Man convicted of second-degree murder in alcohol-fuelled accident that killed a cyclist in Huntington Beach – Orange County Register

WESTMINSTER – A 28-year-old Garden Grove man was convicted on Wednesday in an alcohol-fueled collision that killed a cyclist in Huntington Beach.

Victor Manuel Romero, who has a criminal record for drunk driving, has been convicted of second-degree murder and hit and run with permanent and serious injuries. He was found guilty of the murder of 33-year-old transient Raymond MacDonald.

Romero is due to be sentenced on February 10.

The jury deliberated on the case for about five hours.

“This is a case about the defendant’s decisions on March 30, 2019,” senior assistant district attorney Janine Madera said in her opening statement of the trial. “The evidence will show that the universe suggested he make different choices, but he didn’t.”

Romero’s evening “started at the Hurricane Bar and Grill” in Huntington Beach, Madera said, adding the defendant drove to the bar in his BMW and later got into a fistfight in the parking lot. The police were stopped.

“By the time they got there the fight was over, but what they could see was objective signs of poisoning and they asked him how you were going to get home,” Madera said.

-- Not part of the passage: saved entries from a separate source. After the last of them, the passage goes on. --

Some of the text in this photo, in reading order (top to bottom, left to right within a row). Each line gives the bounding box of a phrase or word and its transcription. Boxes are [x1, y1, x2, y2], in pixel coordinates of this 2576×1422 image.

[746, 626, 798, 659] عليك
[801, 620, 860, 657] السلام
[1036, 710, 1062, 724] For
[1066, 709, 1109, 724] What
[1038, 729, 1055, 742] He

He told one officer he would call for an Uber, and he told another minutes later that his sister would pick him up, Madera said.

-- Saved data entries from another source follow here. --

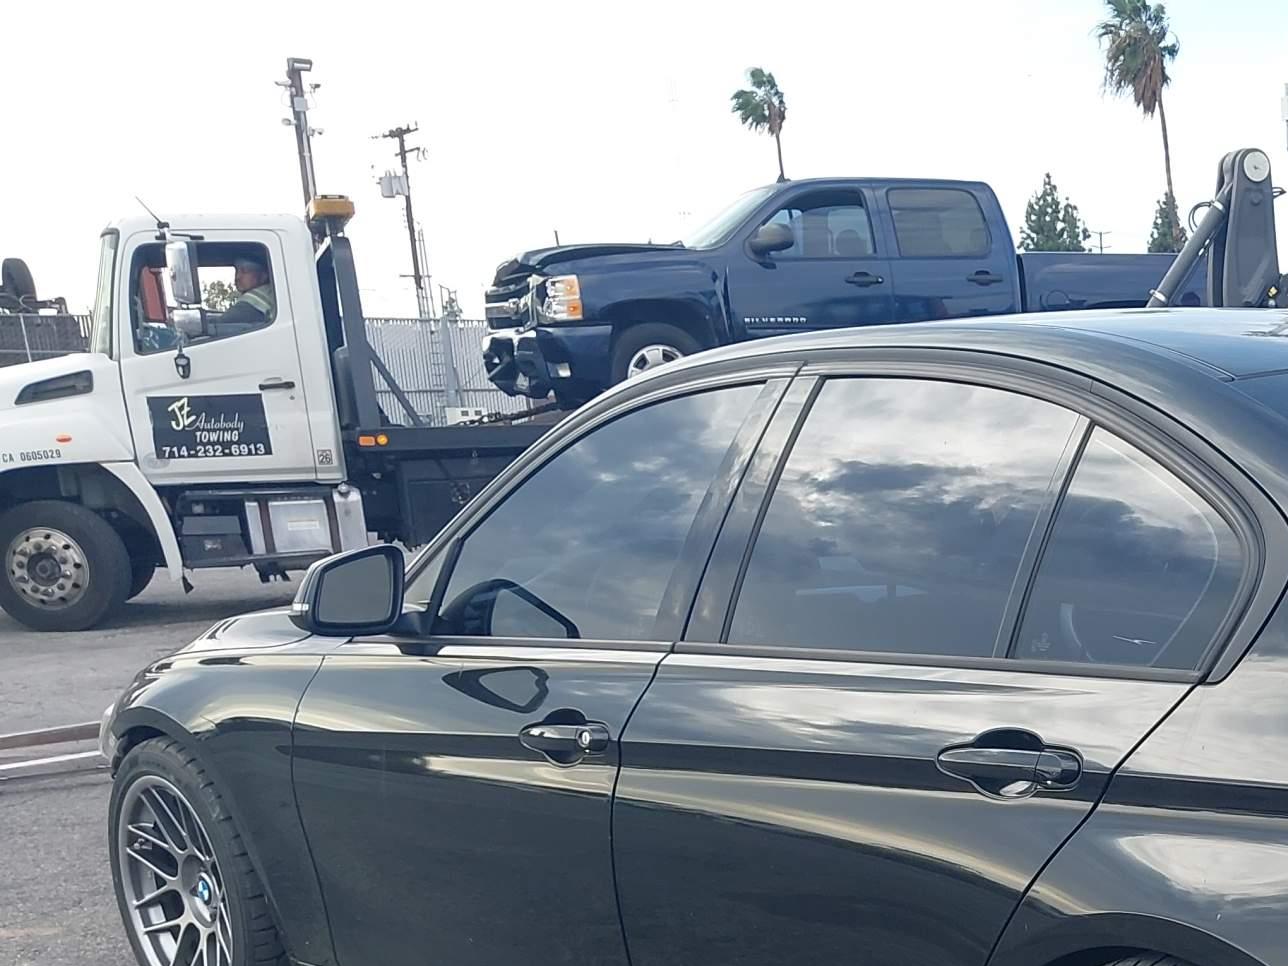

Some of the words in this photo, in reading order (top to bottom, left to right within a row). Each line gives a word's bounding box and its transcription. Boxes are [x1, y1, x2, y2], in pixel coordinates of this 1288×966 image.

[185, 412, 244, 433] Autobody
[195, 430, 239, 443] TOWING
[2, 453, 14, 463] CA
[20, 449, 61, 462] 0605029
[162, 443, 265, 458] 714-232-6913
[319, 453, 332, 464] 26

But instead he boarded a parking garage elevator with a witness, Richard Cole, who saw Romero’s torn shirt and intoxicated state, prosecutors said. Cole asked Romero if he wanted to drive, “and he said yes, and he (Cole) tried to tell him that it wasn’t a good idea,” Madera said.

Romero, who was “screaming” from the parking lot, crashed into the Cadillac owned by bar manager Geronimo Gutierrez, Madera said.

A short time later, he crashed into MacDonald on Beach Boulevard and Adams Avenue, Madera said. According to prosecutors, an Uber driver saw the defendant accelerate and run a red light before ramming the cyclist.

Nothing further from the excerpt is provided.